**Exercise objective:** All lines from the one with "this 1488×992 image." through the last are to be given again exactly as they stand in the data below, and only those.

Extracted records:
++++++++++
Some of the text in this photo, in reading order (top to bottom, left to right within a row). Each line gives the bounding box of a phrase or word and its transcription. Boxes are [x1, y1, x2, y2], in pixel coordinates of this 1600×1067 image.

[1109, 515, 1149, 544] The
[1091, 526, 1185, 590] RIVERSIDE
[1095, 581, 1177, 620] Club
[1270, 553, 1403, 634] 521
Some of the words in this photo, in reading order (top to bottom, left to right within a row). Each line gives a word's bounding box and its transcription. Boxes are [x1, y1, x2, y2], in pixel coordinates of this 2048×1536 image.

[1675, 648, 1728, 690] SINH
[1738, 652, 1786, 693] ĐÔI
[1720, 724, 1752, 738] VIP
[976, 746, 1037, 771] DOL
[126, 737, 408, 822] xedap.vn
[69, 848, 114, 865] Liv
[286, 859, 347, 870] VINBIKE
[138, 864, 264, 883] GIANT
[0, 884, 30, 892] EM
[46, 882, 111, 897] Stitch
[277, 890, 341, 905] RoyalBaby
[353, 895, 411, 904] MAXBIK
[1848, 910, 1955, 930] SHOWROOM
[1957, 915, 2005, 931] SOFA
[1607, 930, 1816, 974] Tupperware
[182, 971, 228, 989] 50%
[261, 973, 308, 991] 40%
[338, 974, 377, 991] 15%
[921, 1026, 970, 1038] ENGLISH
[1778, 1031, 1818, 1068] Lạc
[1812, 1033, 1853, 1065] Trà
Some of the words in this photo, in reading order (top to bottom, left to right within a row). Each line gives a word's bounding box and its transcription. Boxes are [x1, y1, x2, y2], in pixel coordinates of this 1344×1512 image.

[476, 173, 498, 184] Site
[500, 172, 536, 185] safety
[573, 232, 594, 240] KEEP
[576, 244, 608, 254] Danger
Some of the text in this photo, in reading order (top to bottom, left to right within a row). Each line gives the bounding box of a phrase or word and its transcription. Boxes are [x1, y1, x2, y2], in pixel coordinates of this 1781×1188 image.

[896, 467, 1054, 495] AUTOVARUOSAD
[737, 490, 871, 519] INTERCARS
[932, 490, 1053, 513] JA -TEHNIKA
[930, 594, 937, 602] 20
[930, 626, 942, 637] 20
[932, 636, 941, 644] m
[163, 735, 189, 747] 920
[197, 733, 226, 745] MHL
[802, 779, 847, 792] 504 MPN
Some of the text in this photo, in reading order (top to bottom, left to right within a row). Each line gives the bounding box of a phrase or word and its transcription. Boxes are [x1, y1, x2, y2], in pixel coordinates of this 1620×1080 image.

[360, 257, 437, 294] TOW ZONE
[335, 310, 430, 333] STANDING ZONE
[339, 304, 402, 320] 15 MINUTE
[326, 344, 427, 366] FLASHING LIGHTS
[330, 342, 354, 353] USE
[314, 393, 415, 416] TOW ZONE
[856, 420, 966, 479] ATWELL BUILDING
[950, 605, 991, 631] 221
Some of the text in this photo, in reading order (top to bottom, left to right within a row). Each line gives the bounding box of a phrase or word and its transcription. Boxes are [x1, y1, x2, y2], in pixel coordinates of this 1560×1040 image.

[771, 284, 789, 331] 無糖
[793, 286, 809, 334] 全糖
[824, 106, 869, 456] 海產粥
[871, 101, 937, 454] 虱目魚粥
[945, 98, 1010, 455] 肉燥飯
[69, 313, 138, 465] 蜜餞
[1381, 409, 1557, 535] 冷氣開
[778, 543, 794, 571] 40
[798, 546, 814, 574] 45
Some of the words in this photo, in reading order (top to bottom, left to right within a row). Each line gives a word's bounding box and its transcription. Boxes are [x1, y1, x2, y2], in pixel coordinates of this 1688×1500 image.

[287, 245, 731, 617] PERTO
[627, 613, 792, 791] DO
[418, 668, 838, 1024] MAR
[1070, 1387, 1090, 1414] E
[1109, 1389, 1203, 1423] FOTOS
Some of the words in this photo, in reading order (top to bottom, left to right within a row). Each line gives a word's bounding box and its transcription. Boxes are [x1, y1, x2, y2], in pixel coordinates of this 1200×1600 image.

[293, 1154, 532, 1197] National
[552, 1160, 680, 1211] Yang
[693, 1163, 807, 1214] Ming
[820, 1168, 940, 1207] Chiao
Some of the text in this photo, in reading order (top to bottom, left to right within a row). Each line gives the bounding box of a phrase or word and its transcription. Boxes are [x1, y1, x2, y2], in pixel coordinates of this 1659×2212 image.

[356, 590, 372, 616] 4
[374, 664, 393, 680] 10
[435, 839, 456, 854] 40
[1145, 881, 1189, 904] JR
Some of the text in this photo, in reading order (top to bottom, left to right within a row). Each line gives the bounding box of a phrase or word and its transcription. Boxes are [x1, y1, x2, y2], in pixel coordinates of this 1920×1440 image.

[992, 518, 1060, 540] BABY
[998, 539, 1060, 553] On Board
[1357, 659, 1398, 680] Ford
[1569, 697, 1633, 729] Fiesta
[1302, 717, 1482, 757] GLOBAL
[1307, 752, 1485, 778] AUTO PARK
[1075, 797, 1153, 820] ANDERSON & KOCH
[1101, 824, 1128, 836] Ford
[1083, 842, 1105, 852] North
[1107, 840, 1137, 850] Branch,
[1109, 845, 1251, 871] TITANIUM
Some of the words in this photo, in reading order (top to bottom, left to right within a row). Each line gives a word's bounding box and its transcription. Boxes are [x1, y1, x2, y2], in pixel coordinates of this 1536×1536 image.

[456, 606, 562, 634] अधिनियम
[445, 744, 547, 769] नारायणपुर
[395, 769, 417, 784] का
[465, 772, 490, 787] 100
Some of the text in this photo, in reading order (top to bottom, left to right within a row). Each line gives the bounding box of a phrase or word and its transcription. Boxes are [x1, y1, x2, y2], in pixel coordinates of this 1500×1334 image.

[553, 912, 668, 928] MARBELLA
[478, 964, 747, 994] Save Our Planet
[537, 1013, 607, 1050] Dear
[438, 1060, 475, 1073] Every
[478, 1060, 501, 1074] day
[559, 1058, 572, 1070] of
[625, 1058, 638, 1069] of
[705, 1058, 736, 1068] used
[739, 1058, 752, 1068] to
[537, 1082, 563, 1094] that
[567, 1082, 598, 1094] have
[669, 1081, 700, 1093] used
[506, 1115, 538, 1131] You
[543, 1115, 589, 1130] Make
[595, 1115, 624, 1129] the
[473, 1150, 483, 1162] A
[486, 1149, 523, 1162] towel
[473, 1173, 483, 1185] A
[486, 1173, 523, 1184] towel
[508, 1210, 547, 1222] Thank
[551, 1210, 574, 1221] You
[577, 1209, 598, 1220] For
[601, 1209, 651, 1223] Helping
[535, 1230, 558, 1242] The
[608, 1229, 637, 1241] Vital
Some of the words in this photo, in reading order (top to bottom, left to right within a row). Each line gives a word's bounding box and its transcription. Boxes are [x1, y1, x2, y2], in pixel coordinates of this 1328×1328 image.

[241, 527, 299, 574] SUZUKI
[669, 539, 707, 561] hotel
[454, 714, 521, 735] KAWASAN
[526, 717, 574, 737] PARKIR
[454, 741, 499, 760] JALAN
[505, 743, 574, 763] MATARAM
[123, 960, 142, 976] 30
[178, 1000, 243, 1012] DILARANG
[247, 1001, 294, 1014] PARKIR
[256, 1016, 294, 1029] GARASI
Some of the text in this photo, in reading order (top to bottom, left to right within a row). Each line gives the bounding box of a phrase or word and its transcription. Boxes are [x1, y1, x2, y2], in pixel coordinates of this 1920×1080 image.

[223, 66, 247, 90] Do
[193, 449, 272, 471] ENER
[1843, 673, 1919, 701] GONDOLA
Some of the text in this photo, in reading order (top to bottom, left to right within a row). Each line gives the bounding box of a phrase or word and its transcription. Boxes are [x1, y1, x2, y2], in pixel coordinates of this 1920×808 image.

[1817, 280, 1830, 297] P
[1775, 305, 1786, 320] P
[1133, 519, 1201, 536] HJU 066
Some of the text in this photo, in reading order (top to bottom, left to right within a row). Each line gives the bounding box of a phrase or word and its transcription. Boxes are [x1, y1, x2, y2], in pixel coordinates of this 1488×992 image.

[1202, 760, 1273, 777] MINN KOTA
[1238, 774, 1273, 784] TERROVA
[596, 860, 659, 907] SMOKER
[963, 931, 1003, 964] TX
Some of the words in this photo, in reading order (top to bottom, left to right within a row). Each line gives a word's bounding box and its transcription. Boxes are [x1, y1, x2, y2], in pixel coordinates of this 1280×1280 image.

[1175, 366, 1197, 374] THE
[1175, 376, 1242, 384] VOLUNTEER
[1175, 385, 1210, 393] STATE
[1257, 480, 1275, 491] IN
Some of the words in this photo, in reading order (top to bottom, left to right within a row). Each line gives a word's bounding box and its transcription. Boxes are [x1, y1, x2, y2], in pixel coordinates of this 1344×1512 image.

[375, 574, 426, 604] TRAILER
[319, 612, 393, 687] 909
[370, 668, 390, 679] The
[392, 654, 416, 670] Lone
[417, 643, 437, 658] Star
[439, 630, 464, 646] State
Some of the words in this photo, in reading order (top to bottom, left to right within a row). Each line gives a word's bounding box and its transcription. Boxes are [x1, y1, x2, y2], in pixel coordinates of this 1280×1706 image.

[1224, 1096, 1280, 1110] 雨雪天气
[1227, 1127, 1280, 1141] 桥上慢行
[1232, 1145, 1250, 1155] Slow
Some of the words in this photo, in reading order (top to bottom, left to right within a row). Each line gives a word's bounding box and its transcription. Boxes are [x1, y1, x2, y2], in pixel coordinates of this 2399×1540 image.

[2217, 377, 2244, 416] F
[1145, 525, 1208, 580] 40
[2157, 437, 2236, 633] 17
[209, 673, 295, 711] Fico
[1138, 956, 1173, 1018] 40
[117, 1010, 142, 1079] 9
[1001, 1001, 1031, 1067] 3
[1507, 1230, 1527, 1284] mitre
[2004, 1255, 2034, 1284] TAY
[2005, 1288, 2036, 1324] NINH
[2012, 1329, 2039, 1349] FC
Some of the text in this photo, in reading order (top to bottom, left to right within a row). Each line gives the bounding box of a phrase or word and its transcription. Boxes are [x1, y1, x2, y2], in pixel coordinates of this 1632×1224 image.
++++++++++
**Task result:**
Some of the text in this photo, in reading order (top to bottom, left to right within a row). Each line gives the bounding box of a phrase or word and its transcription. Boxes are [x1, y1, x2, y2], in pixel coordinates of this 1488×992 image.

[1202, 760, 1273, 777] MINN KOTA
[1238, 774, 1273, 784] TERROVA
[596, 860, 659, 907] SMOKER
[963, 931, 1003, 964] TX
Some of the words in this photo, in reading order (top to bottom, left to right within a row). Each line gives a word's bounding box and its transcription. Boxes are [x1, y1, x2, y2], in pixel coordinates of this 1280×1280 image.

[1175, 366, 1197, 374] THE
[1175, 376, 1242, 384] VOLUNTEER
[1175, 385, 1210, 393] STATE
[1257, 480, 1275, 491] IN
Some of the words in this photo, in reading order (top to bottom, left to right within a row). Each line gives a word's bounding box and its transcription. Boxes are [x1, y1, x2, y2], in pixel coordinates of this 1344×1512 image.

[375, 574, 426, 604] TRAILER
[319, 612, 393, 687] 909
[370, 668, 390, 679] The
[392, 654, 416, 670] Lone
[417, 643, 437, 658] Star
[439, 630, 464, 646] State
Some of the words in this photo, in reading order (top to bottom, left to right within a row). Each line gives a word's bounding box and its transcription. Boxes are [x1, y1, x2, y2], in pixel coordinates of this 1280×1706 image.

[1224, 1096, 1280, 1110] 雨雪天气
[1227, 1127, 1280, 1141] 桥上慢行
[1232, 1145, 1250, 1155] Slow
Some of the words in this photo, in reading order (top to bottom, left to right within a row). Each line gives a word's bounding box and its transcription. Boxes are [x1, y1, x2, y2], in pixel coordinates of this 2399×1540 image.

[2217, 377, 2244, 416] F
[1145, 525, 1208, 580] 40
[2157, 437, 2236, 633] 17
[209, 673, 295, 711] Fico
[1138, 956, 1173, 1018] 40
[117, 1010, 142, 1079] 9
[1001, 1001, 1031, 1067] 3
[1507, 1230, 1527, 1284] mitre
[2004, 1255, 2034, 1284] TAY
[2005, 1288, 2036, 1324] NINH
[2012, 1329, 2039, 1349] FC
Some of the text in this photo, in reading order (top to bottom, left to right within a row). Each line gives the bounding box of a phrase or word and its transcription. Boxes are [x1, y1, x2, y2], in pixel coordinates of this 1632×1224 image.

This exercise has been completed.